The participants in this research study inhabit a digital culture of which the digital news sphere is a component. “Digital culture today frames our experience of the world around us and provides us with a complex set of digital tools for organising novel relations of information and global-local cultural interaction” (Uzelac 2008, 9). Gere (2008) shows there has been an almost total transformation of the world by digital technology, especially regarding developments in media and communications. Digital media has transformed the production, distribution, and consumption of news in ways that were inconceivable only a decade ago (Bengtsson and Johansson 2021). Definitions of news are changing and what is meaningful or useful news varies for different groups, especially younger audiences. The disrupted, fragmented, and incidental consumption of news via social networks (Vázquez-Herrero, Negreira-Rey, and Sixto-Garcia 2022) is becoming the norm for a greater number of younger news consumers who perceive news as being more than that produced by established news outlets. How then do we examine the consumption of news by young people who operate in a digital culture? Boyd (2014) cautions against perceiving young people as digital natives and assuming that because they have only ever lived in a digital world, “that they inherently have the knowledge or skills to make the most of their online experiences. The rhetoric of ‘digital natives’, far from being useful, is often a distraction to understanding the challenges that youth face in a networked world” (boyd 2014, 176). It may be more realistic to think of them as ‘social natives’ considering much of their interaction with ICTs relates to the social aspects of their lives and the skills transfer to other settings is not as seamless as educators or employers expect.

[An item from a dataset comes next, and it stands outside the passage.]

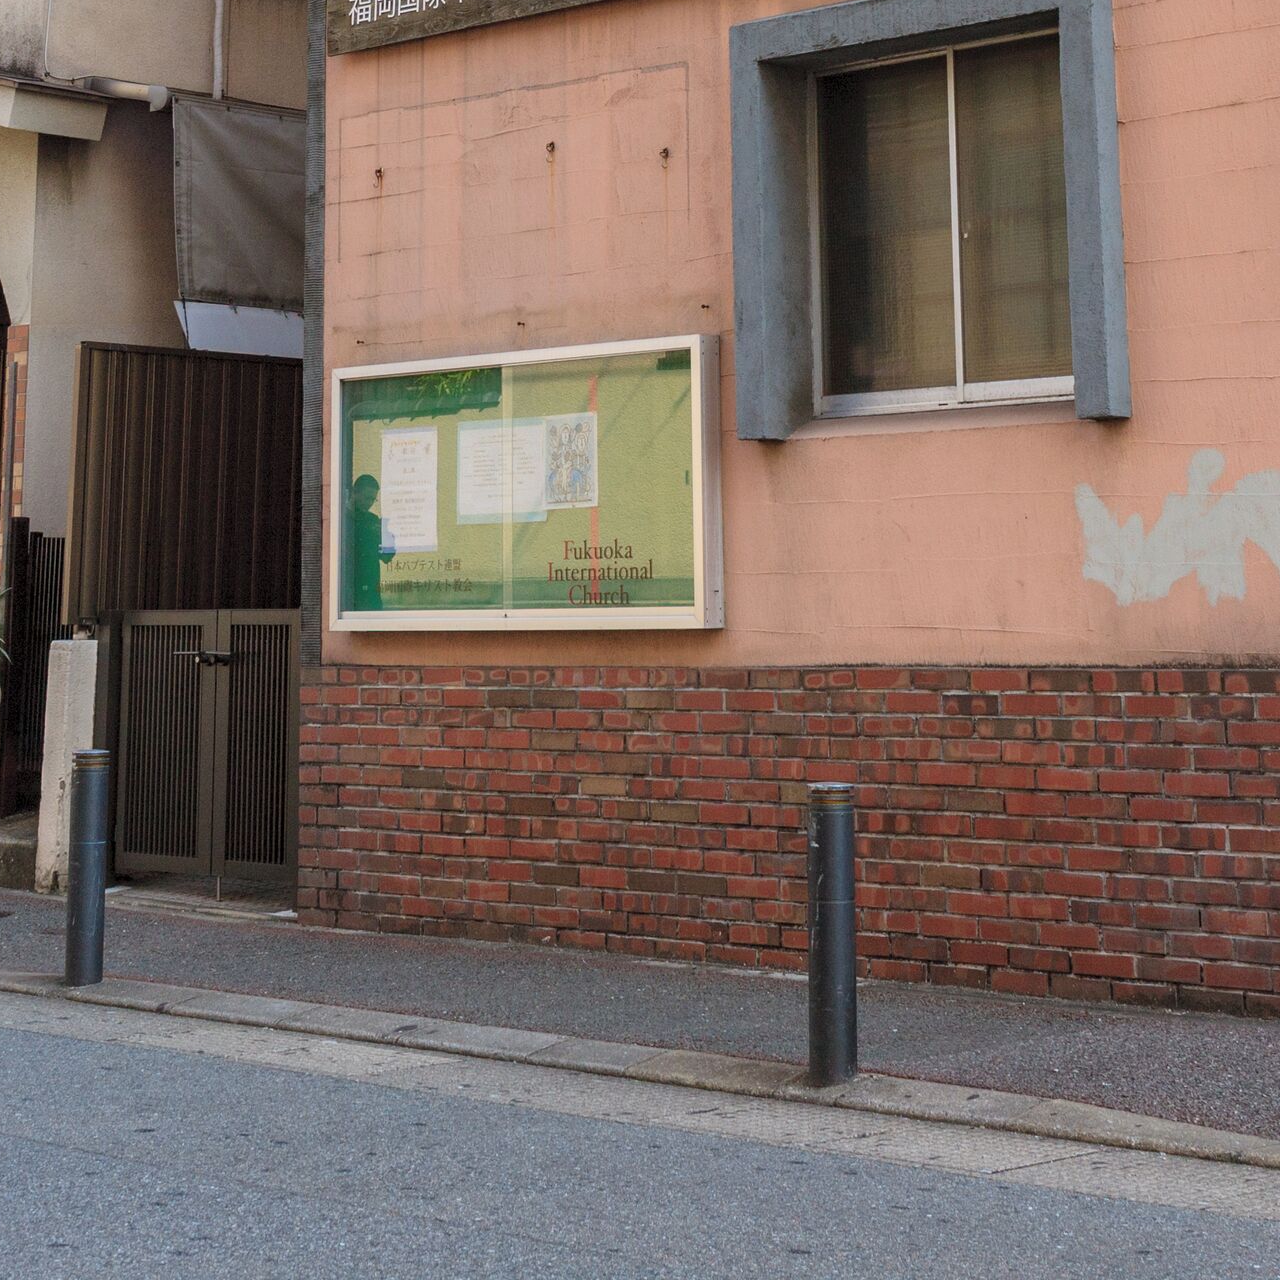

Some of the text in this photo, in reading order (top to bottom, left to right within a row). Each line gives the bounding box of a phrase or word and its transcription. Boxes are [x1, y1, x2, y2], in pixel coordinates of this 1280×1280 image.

[563, 538, 634, 561] Fukuoka
[548, 559, 653, 582] International
[568, 584, 630, 606] Church

It is the pervasiveness of digital culture that has exacerbated instances of fake news, so it is within this context that literacies can be utilised to help mitigate the problem. The participatory nature of digital culture (Uzelac 2008) in which consumers are also producers lends itself to studying audiences as active agents more so than when traditional media dominated. Using the notion of literacy, specifically the 5As (Figure 1), the relationship between readers and media messages can be examined. NLBs seeks to understand participants’ access, awareness, assessment, appreciation, and action in relation to news content (Mihailidis 2014).

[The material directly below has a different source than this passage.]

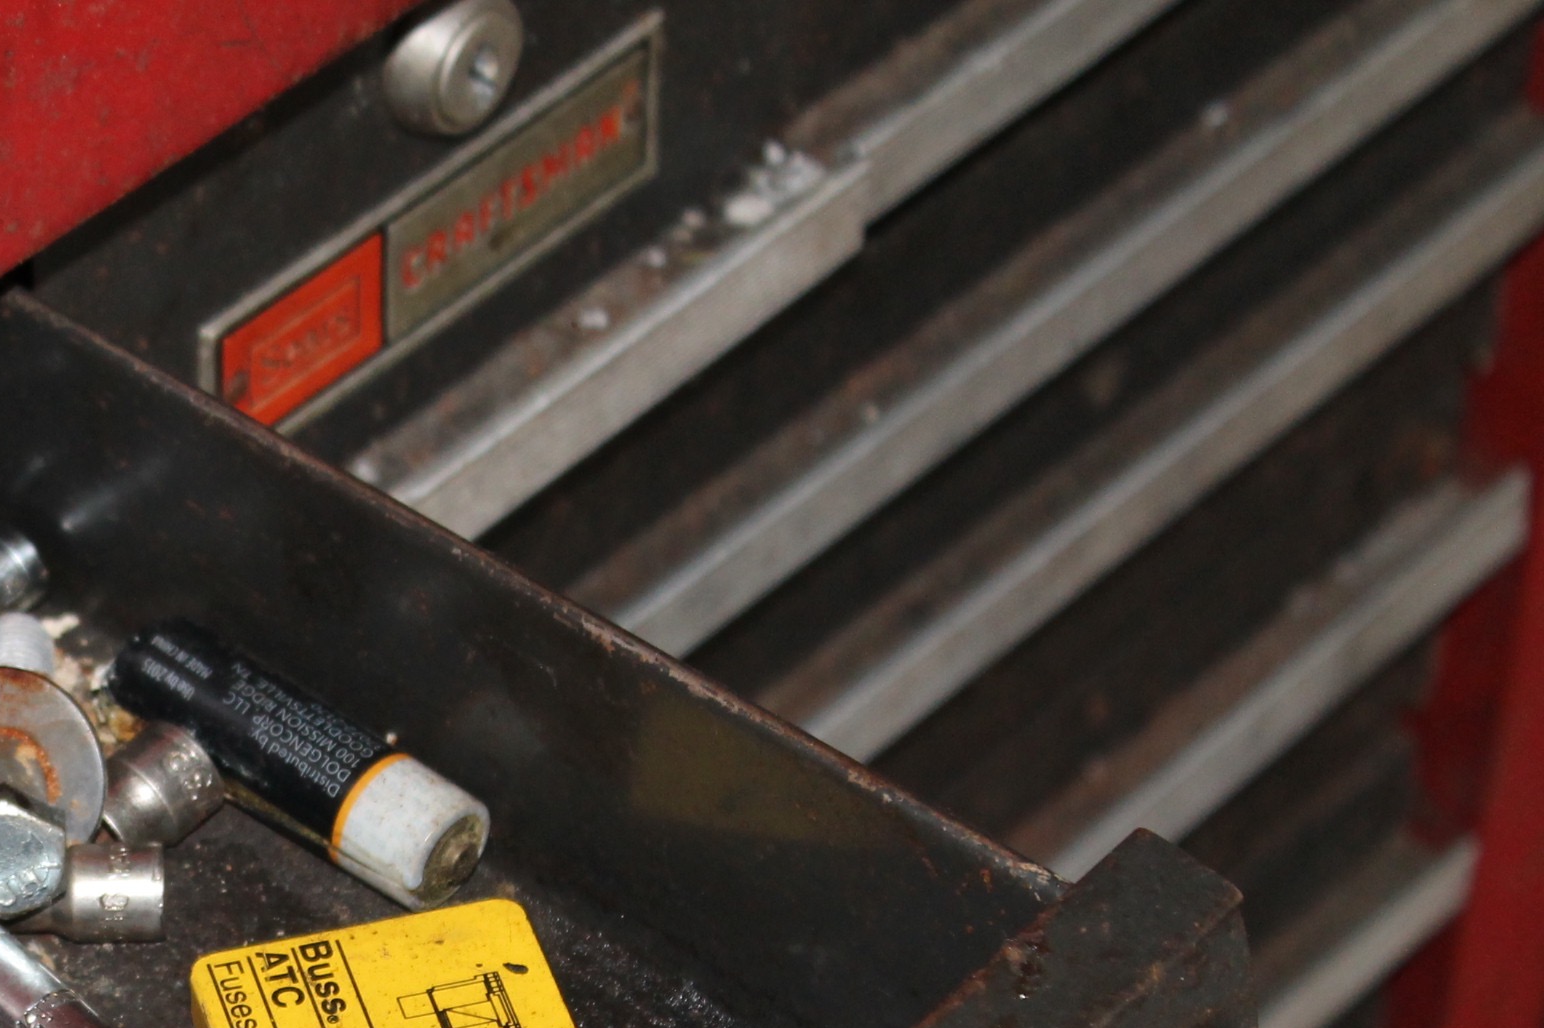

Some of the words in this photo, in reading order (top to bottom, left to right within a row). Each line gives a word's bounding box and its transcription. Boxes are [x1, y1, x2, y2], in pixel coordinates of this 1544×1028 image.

Figure 1. 5As of media literacy.
Source: Mihailidis, 2014
The World Bank measured that 100% of the UAE population had access to the internet in 2021 and the drive to digitize most public and private services continues. In this sense, access is not an issue with few or no barriers in place and 98.9% of the population of around 10 million using social media accounts for 3 hours a day on average (GMI 2022). There is however a degree of control of media content in the UAE but most news consumers can expect to access a diverse variety of information, including regional and international news organizations. The core questions asked for awareness relate to the power of media – what values and ideologies it represents as all media messages are created. The social, cultural, and political contexts of national discourses may vary compared to other narratives and understanding this will impact how messages are perceived and processed. Stemming from this is the assessment or critical analysis of media messages including credibility, frame, agenda, and audiences. Understanding the purpose and intended outcome of media content is an essential part of news literacy. Critical thinking skills are further applied in appreciation of diverse voices and perspectives in media. Appreciating different perspectives means we can question narratives and compare across different cultures because media reflects and is reflected by the societies within which it exists. Finally, action looks at having a voice and engaging in the media landscape. How are consumers using their agency to actively participate in communities whilst all the time being accountable for their actions and behavior in digital spaces? News literacy has direct applications for taking action – what you do can be beneficial or detrimental, whether it is sharing, creating, or deleting.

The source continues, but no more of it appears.